Jakarta – Pemerintah Kabupaten (Pemkab) Siau Tagulandang Biaro (Sitaro) Sulawesi Utara menetapkan status tanggap darurat bencana erupsi Gunung Karangetang selama 7 hari mulai 6-12 Februari 2019. Penetapan tanggap darurat ini berdasarkan situasi dan kondisi pengamatan di lapangan serta rekomendasi dari sejumlah pihak.
“Namun bila dipandang perlu status ini dapat ditinjau kembali sesuai kebutuhan. Sementara ini jarak 500 m dari aliran lava disterilkan atas arahan BPBD,” kata Kapusdatin Humas BNPB Sutopo Purwo Nugroho dalam keterangannya, Jumat (8/2/2019).
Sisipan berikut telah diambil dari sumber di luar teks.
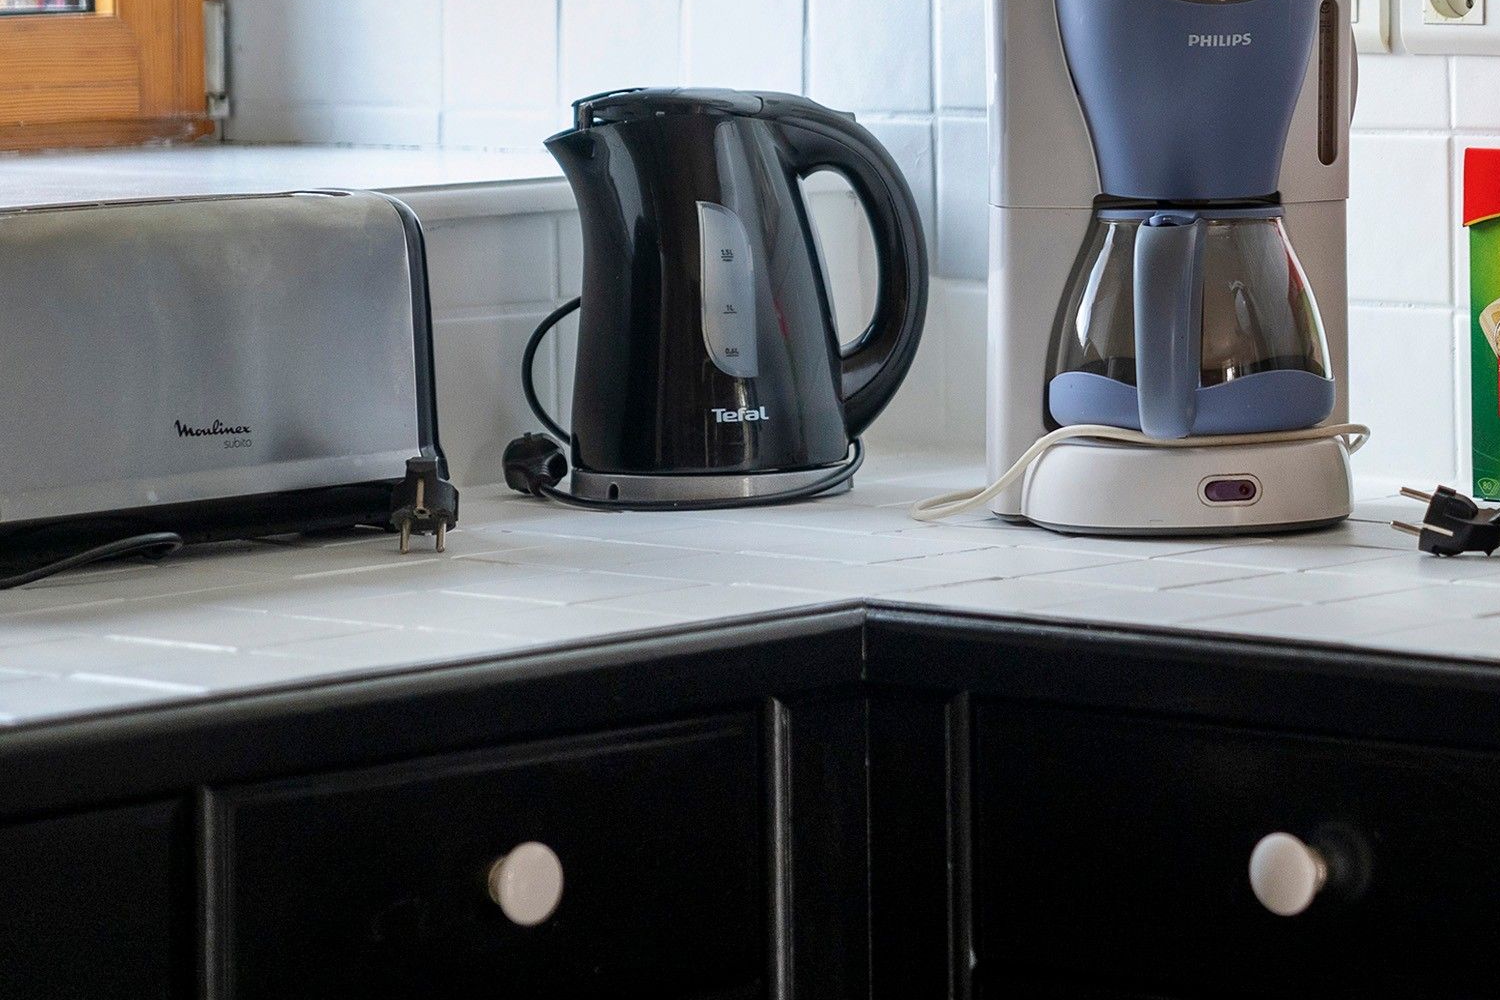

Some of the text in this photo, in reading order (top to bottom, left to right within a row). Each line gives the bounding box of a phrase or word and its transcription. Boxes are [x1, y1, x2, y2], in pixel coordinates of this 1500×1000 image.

Sutopo menjelaskan pemerintah setempat telah melakukan koordinasi penanganan bencana bersama dengan sejumlah instansi terkait. Rapat yang dihadiri oleh Bupati, Wakil Bupati, Sekretaris Daerah, BPBD dan BNPB itu menginformasikan sejumlah hal mengenai penanganan bencana.
“Pemda telah mengirimkan bantuan logistik ke Kampung Batubulan dan Kampung Beba yang terisolir disebabkan terputusnya jalan darat akibat aliran lava dan batu dari Gn. Karangetang. Bantuan didistribusikan melalui laut, namun dikarenakan angin laut dan ombak yang besar menyulitkan kapal untuk merapat,” ujar Sutopo.
Dia menjelaskan pemerintah juga berencana untuk membuka akses lain ke daerah yang terkena dampak erupsi gunung. Hal itu disebabkan terputusnya akses darat dan sulitnya akses laut ke lokasi daerah tersebut.
“Akibat terputusnya akses darat dari Kampung Niambangen ke Kampung Batubulan dan Kampung Beba dan sulitnya akses laut ke dua kampung tersebut karena ombak tinggi dan angin laut yang kencang, Pemda Sitaro berencana membuka akses dari sisi lain yaitu dari Kampung Nameng ke Kampung Batubulan sejauh 2 km dengan mengerahkan masyarakat di kedua desa dan bantuan TNI/Polri secara gotongroyong membuka jalan. Saat ini akses hanya bisa dilakukan dengan jalan kaki (4 jam) akibat medan yang terjal dan sempit,” ujarnya.
Menurut dia, ada beberapa warga dari Kampung Batubulan yang cenderung menolak untuk dievakuasi karena pertimbangan akan menelantarkan ternak yang mereka milik. Karena itu, pemerintah perlu menangani secara serius persoalan tersebut.
“Sebagaimana pengalaman dalam bencana erupsi gunung api, ternak warga perlu ditangani secara serius oleh SKPD terkait seperti dinas peternakkan dengan bantuan Basarnas. Sehingga warga sukarela untuk dievakuasi ke tempat yang lebih aman,” paparnya
Terkait status tanggap darurat ini, pemerintah memblokir akses darat ke lokasi erupsi sejauh 500 m dari aliran lava. Petugas, menurut Sutopo, hanya bisa mengambil foto dan video dari jauh dengan menggunakan drone di Kampung Niambangen.
“Kondisi angin pantai yang cukup kencang menyebabkan drone tidak dapat terbang dengan jarak maksimal,” imbuhnya.
Selain itu, berdasarkan rekomendasi dari PVMBG, pemerintah telah mengungsikan sebanyak 132 orang atau 37 KK ke shelter pengungsian di daerah Paseng yang berada di kompleks bupati. Rapat koordinasi antar instansi terkait juga merekomendasikan untuk membuat data tentang pengungsi berdasarkan jenis kelamin, usia dan status kerentanan.
“Shelter yang dibangun oleh BNPB pada tahun 2015 ini dapat menampung semua pengungsi yang ada. Shelter ini merupakan bangunan tertutup dengan ruang yang relatif luas. Terdapat 6 buah kamar mandi dan tempat cuci pakaian,” tuturnya.
Sutopo menjelaskan kebutuhan matras untuk pengungsi sudah terpenuhi. Petugas kesehatan dan dinas sosial juga telah berada di lokasi untuk membantu para pengungsi.
“Disarankan agar BPBD tetap mengkoordinir kegiatan di pengungsian dan memperhatikan hal-hal detail seperti keadaan licin di kamar mandi dan sekitar, melibatkan para pengungsi beraktifitas seperti memasak, memperhatikan kebersihan tempat pengungsi. Khusus untuk pendidikan anak-anak sekolah, diinformasikan bahwa anak-anak akan belajar di sekolah terdekat dengan tempat pengungsian dan untuk sementara tidak kembali ke sekolah asalnya sampai keadaan memungkinkan,” paparnya.